Neurogenic Pulmonary Oedema
Dr John Griffiths DICM MRCP FRCA MA
Neurogenic pulmonary oedema is a widely recognised complication of major neurological events in both adults and children. Neurogenic pulmonary oedema was first reported in association with status epilepticus in 1908 and with head injury in 1918. It is most frequently associated with intracranial haemorrhage, notably subarachnoid haemorrhage (SAH).

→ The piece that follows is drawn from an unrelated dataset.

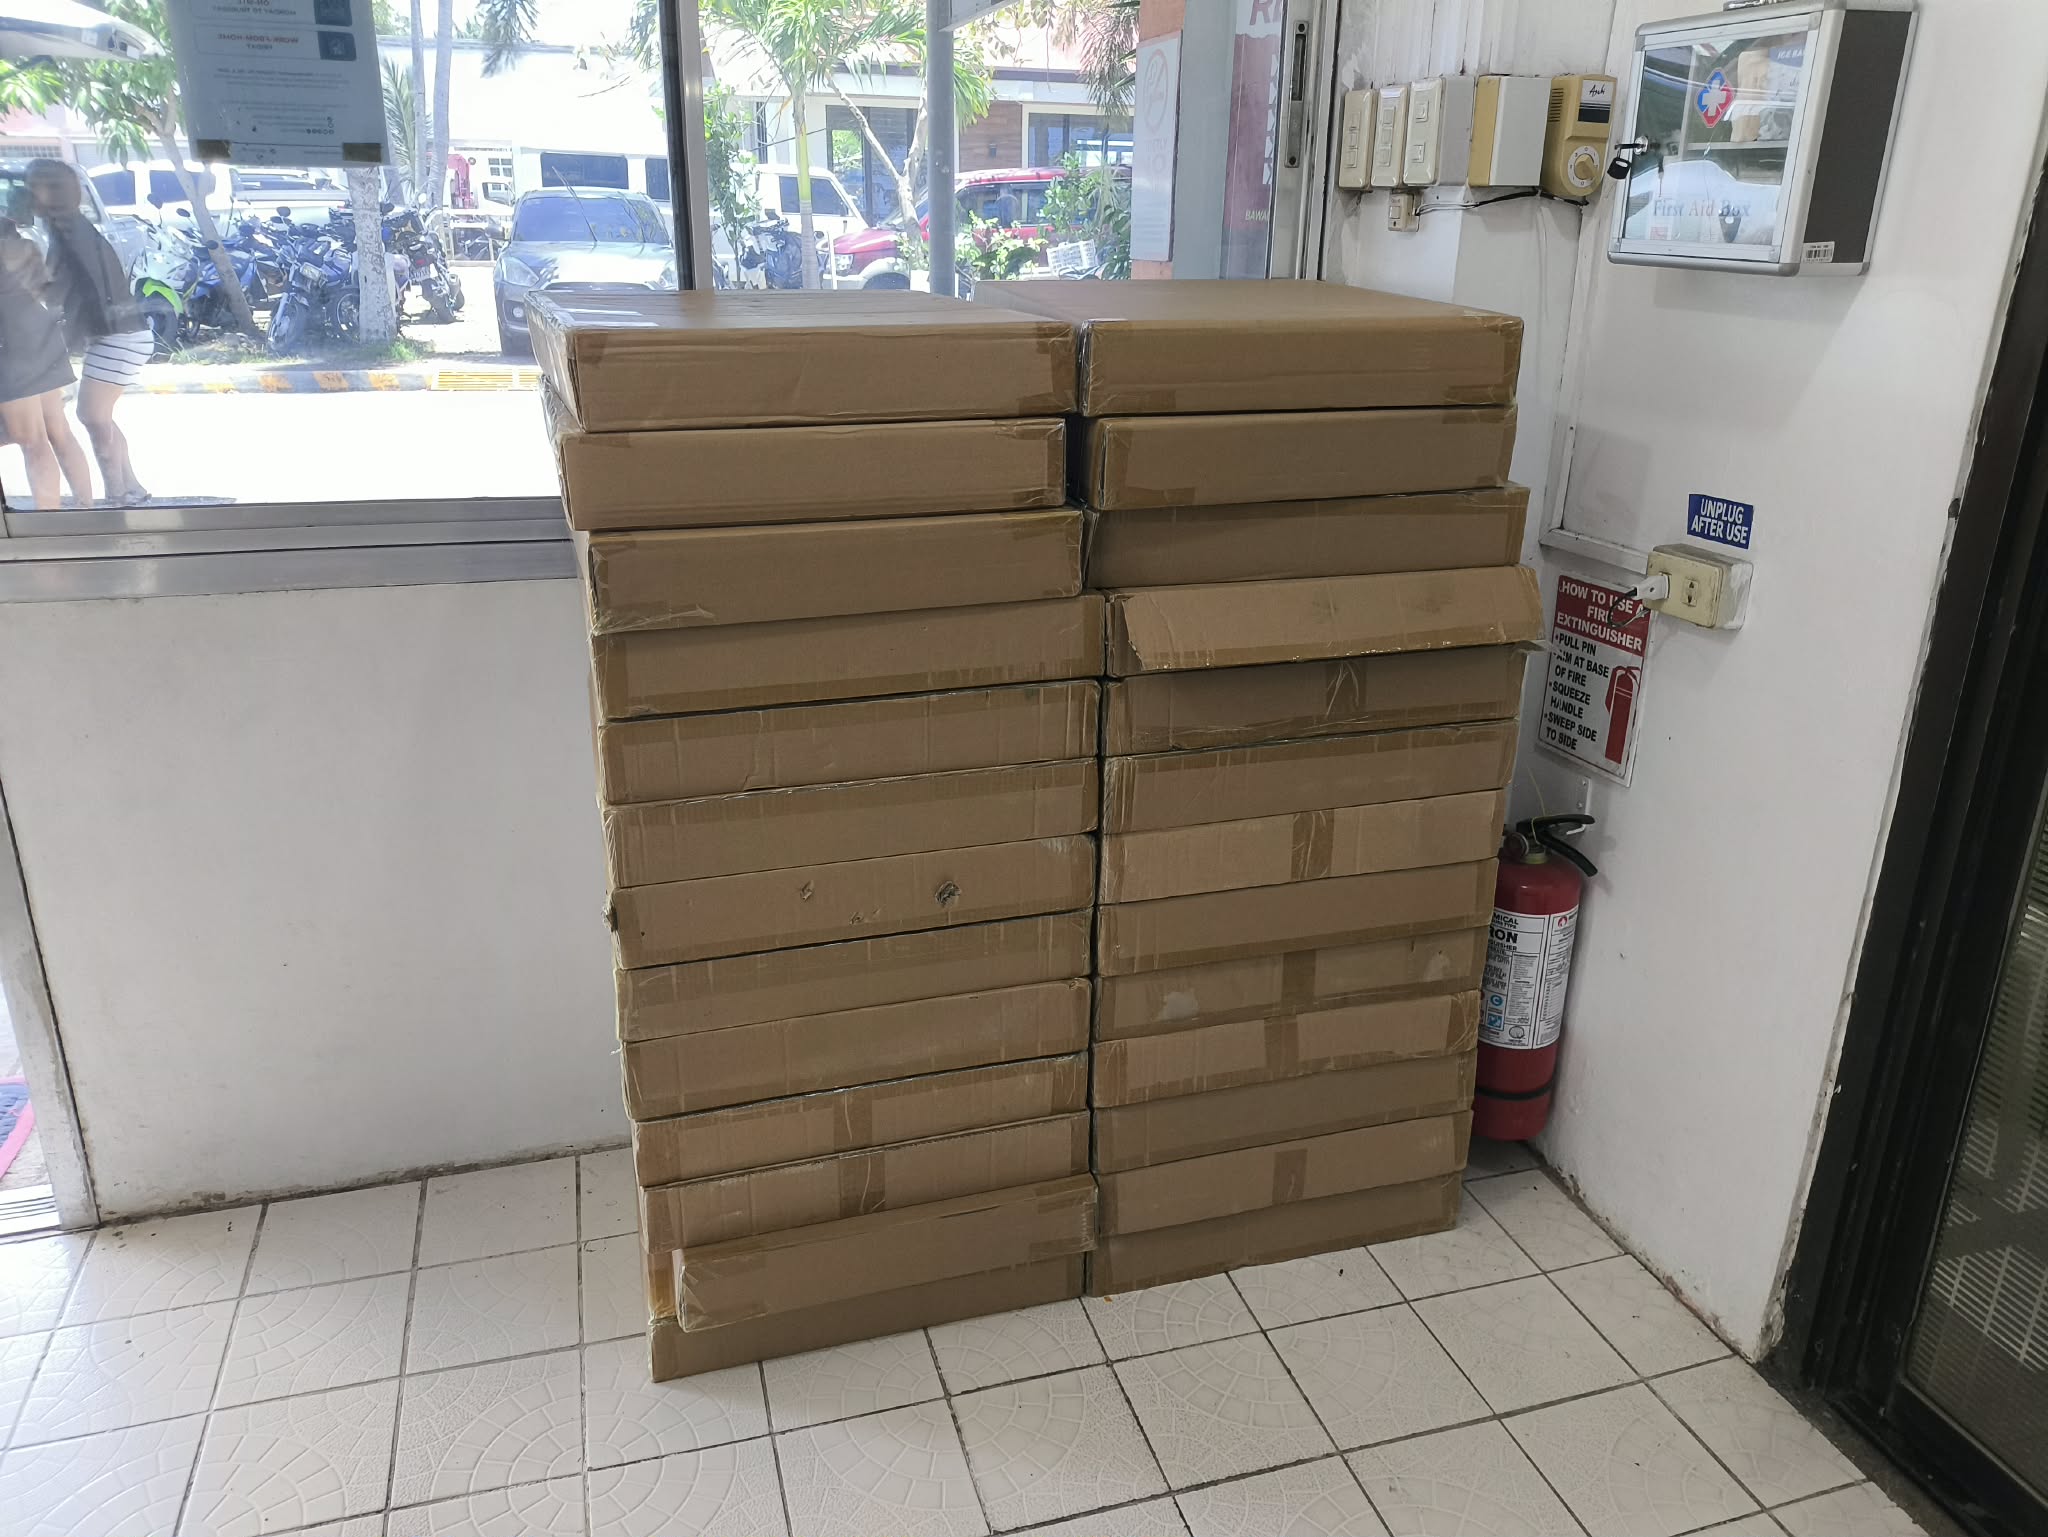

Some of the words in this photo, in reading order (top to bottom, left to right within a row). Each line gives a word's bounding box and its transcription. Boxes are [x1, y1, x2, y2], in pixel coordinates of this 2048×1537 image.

Focus on neurogenic pulmonary oedema in association with SAH
In one large study of SAH associated with aneurysmal rupture, neurogenic pulmonary oedema was reported in 23% of patients, the majority developing oedema between days 0-7. This value was comparable to the proportion of deaths attributed to the direct effects of the initial haemorrhage (19%), rebleeding (22%) or vasospasm (23%). Those patients who were greater than 30 years old had an increased frequency of pulmonary oedema but there was no correlation with previous lung or cardiac disease or with the use of “triple H therapy” (Hypertension, Hypervolaemia and Haemodilution). Poor clinical grade at the time of admission was also associated with a higher frequency of respiratory dysfunction, suggesting that neurogenic influences are involved in the aetiology of the pulmonary oedema.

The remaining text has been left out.